The interviews became the basis for the book Hitchcock/Truffaut, one of the most acclaimed and widely read books about the cinematic process. Now, critic and filmmaker Kent Jones “brings the pages to life” (Robert Lloyd, Los Angeles Times) in a feature film that honors its source material while also serving as a moving and entertaining portrait of two great directors talking shop. Fresh off the heels of a successful theatrical release by Cohen Media Group, Hitchcock/Truffaut arrives on Blu-ray and DVD on December 20, 2016, from Universal Pictures Home Entertainment.unnamed-1

Hitchcock and Truffaut locked themselves away in Hollywood for a week to excavate the secrets and meaning behind Hitchcock’s greatest achievements. Based on the original recordings of this meeting, Jones’ film illustrates the greatest cinema lesson of all time and plunges us into the world of the creator of Psycho, The Birds, Vertigo and dozens of other thrilling masterpieces.

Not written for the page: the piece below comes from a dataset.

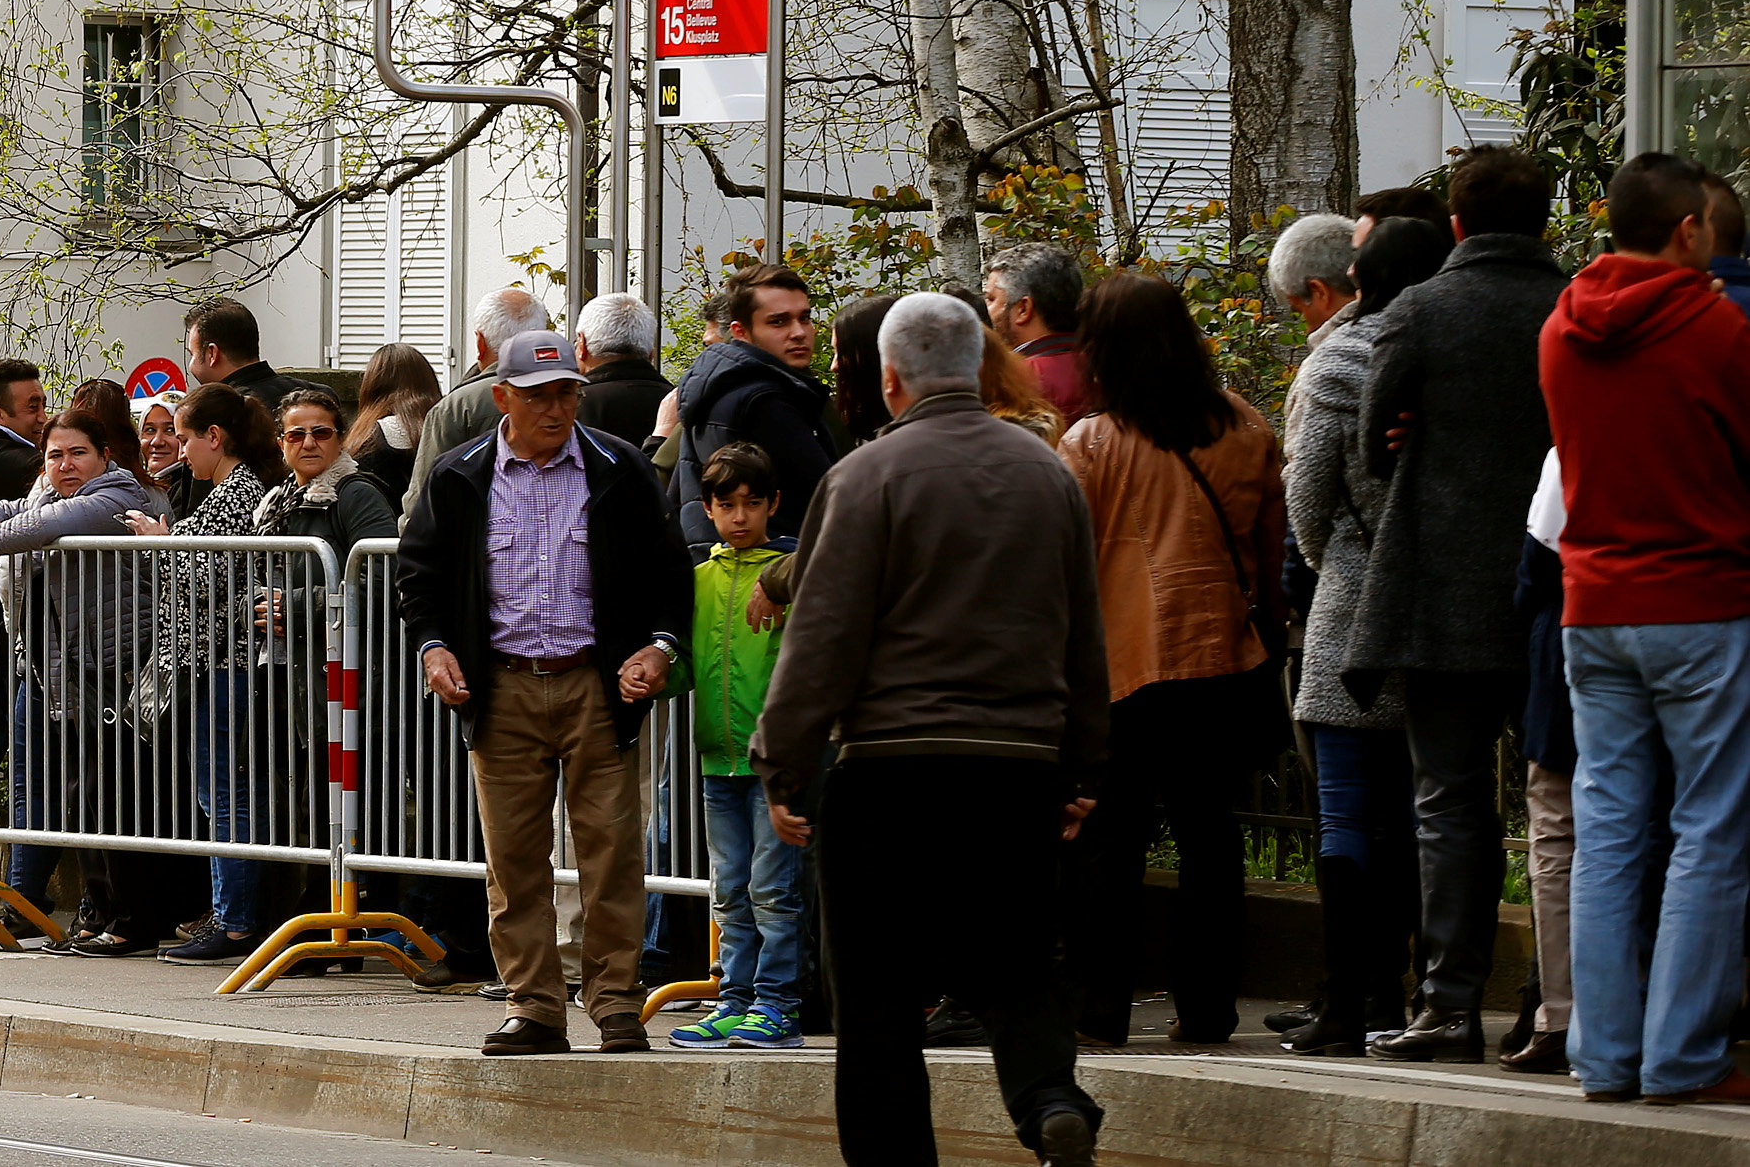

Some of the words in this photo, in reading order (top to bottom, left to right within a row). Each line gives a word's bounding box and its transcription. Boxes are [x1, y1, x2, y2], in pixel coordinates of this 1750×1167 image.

Jones has expanded on the original book by including insightful new interviews with many of today’s most renowned directors and Hitchcock aficionados, including Martin Scorsese, David Fincher, Arnaud Desplechin, Kiyoshi Kurosawa, Wes Anderson, James Gray, Olivier Assayas, Richard Linklater, Peter Bogdanovich and Paul Schrader.
This is a fascinating journey between two geniuses.